**GIVEN INFORMATION**.

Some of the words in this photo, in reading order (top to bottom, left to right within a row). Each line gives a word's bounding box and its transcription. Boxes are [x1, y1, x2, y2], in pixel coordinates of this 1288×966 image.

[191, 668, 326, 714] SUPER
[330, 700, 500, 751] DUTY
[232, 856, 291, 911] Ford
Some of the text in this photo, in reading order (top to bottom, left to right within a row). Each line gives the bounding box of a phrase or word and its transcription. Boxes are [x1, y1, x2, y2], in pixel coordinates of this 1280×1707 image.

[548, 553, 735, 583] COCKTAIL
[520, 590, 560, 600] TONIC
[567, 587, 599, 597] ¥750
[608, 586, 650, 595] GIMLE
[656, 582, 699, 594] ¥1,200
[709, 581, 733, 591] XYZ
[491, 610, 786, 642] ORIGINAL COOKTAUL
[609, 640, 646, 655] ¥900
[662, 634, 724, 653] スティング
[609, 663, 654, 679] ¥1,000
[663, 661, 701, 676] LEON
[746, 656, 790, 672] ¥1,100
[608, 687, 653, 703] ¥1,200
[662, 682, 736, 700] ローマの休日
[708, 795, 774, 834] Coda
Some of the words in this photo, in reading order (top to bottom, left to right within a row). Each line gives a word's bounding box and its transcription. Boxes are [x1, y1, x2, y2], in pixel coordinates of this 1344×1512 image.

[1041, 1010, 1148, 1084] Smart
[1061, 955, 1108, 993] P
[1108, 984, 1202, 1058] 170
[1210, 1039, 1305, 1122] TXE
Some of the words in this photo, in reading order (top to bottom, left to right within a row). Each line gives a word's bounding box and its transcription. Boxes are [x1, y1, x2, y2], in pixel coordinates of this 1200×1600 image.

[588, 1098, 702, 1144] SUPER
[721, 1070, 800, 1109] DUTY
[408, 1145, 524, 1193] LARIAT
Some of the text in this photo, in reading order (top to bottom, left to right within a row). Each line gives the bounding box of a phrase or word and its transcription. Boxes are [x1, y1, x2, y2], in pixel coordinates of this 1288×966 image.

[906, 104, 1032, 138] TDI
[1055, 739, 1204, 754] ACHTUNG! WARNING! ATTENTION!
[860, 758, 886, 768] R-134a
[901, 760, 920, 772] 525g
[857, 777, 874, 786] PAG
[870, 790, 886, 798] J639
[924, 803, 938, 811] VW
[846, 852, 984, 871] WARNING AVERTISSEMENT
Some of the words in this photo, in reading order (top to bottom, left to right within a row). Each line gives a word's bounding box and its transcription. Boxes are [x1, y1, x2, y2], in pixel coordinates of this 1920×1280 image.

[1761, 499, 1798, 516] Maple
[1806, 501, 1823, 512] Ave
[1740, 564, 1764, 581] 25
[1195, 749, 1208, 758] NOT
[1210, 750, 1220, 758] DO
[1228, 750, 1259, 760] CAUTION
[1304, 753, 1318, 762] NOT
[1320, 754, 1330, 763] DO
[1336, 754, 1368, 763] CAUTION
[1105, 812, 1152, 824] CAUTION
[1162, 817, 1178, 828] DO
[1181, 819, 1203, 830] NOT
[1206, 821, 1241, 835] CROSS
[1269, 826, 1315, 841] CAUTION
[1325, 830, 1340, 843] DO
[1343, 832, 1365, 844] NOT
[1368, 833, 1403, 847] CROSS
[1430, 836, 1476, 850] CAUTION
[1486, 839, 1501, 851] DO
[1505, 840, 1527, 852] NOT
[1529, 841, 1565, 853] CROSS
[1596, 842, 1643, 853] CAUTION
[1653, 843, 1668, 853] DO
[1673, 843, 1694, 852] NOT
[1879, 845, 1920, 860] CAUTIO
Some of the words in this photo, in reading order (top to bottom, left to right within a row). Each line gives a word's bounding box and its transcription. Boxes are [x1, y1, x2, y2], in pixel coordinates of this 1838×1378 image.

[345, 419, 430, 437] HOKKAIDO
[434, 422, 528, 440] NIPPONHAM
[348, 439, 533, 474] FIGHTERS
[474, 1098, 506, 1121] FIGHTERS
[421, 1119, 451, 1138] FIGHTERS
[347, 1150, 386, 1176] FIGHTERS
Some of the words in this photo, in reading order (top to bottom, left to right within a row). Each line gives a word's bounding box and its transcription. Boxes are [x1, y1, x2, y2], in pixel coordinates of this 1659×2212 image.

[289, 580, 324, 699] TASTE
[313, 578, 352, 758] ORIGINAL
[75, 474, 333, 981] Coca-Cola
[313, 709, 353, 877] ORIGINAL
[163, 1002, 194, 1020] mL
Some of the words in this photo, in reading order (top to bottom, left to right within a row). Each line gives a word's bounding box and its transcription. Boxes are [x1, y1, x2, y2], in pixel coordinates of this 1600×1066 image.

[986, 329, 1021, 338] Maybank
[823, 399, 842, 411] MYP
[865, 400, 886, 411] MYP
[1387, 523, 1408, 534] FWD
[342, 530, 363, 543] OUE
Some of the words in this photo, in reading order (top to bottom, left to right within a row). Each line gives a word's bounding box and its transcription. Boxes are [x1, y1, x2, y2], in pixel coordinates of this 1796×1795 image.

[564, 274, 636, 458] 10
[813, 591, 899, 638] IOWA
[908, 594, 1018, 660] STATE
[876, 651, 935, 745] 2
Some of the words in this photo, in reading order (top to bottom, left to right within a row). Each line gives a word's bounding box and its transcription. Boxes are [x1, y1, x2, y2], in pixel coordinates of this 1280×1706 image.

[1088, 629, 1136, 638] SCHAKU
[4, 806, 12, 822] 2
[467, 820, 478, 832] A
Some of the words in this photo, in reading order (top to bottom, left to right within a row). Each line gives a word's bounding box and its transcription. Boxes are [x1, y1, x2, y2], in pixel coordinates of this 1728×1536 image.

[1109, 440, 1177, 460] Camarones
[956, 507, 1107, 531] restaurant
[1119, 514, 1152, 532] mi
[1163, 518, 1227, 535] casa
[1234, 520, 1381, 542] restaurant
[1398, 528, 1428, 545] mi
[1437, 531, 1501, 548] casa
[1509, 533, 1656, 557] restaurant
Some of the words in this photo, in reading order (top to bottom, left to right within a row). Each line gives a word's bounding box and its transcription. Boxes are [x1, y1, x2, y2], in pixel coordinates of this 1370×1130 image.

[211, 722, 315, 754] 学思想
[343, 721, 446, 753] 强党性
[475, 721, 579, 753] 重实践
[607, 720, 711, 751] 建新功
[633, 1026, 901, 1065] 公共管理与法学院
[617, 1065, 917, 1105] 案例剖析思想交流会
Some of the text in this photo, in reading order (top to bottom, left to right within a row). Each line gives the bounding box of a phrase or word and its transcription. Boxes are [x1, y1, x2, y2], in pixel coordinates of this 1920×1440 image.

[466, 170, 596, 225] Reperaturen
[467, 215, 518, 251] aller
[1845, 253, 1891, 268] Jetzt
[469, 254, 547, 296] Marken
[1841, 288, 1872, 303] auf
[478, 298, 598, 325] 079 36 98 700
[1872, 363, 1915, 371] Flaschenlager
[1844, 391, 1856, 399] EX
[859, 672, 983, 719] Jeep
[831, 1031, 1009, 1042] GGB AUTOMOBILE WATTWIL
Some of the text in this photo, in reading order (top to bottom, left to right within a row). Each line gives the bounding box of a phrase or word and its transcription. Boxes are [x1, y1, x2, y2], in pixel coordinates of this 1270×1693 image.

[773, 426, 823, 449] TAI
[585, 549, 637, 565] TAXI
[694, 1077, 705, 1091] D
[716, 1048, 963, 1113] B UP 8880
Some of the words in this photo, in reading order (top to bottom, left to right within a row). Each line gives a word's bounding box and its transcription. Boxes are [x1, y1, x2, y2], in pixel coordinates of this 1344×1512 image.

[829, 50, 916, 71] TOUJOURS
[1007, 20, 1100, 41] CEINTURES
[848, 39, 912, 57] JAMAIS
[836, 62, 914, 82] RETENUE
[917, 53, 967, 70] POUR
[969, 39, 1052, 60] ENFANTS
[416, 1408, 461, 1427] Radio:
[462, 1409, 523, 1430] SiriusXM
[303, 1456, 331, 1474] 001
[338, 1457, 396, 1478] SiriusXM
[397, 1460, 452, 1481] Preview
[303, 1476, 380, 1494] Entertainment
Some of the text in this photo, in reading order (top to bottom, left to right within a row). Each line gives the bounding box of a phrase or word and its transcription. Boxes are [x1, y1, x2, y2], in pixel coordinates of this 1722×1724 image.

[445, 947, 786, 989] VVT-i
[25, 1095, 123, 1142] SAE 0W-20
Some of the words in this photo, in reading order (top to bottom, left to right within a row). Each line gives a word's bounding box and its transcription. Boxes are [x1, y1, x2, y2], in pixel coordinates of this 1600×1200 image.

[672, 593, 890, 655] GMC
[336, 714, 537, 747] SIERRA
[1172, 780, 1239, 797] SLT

**REQUIRED WORK**.
Return exactly the lines from the line holding "this 1270×1693 image." to the last line of the data, with both of those lines included and nothing added.

**SOLUTION**.
Some of the text in this photo, in reading order (top to bottom, left to right within a row). Each line gives the bounding box of a phrase or word and its transcription. Boxes are [x1, y1, x2, y2], in pixel coordinates of this 1270×1693 image.

[773, 426, 823, 449] TAI
[585, 549, 637, 565] TAXI
[694, 1077, 705, 1091] D
[716, 1048, 963, 1113] B UP 8880
Some of the words in this photo, in reading order (top to bottom, left to right within a row). Each line gives a word's bounding box and its transcription. Boxes are [x1, y1, x2, y2], in pixel coordinates of this 1344×1512 image.

[829, 50, 916, 71] TOUJOURS
[1007, 20, 1100, 41] CEINTURES
[848, 39, 912, 57] JAMAIS
[836, 62, 914, 82] RETENUE
[917, 53, 967, 70] POUR
[969, 39, 1052, 60] ENFANTS
[416, 1408, 461, 1427] Radio:
[462, 1409, 523, 1430] SiriusXM
[303, 1456, 331, 1474] 001
[338, 1457, 396, 1478] SiriusXM
[397, 1460, 452, 1481] Preview
[303, 1476, 380, 1494] Entertainment
Some of the text in this photo, in reading order (top to bottom, left to right within a row). Each line gives the bounding box of a phrase or word and its transcription. Boxes are [x1, y1, x2, y2], in pixel coordinates of this 1722×1724 image.

[445, 947, 786, 989] VVT-i
[25, 1095, 123, 1142] SAE 0W-20
Some of the words in this photo, in reading order (top to bottom, left to right within a row). Each line gives a word's bounding box and its transcription. Boxes are [x1, y1, x2, y2], in pixel coordinates of this 1600×1200 image.

[672, 593, 890, 655] GMC
[336, 714, 537, 747] SIERRA
[1172, 780, 1239, 797] SLT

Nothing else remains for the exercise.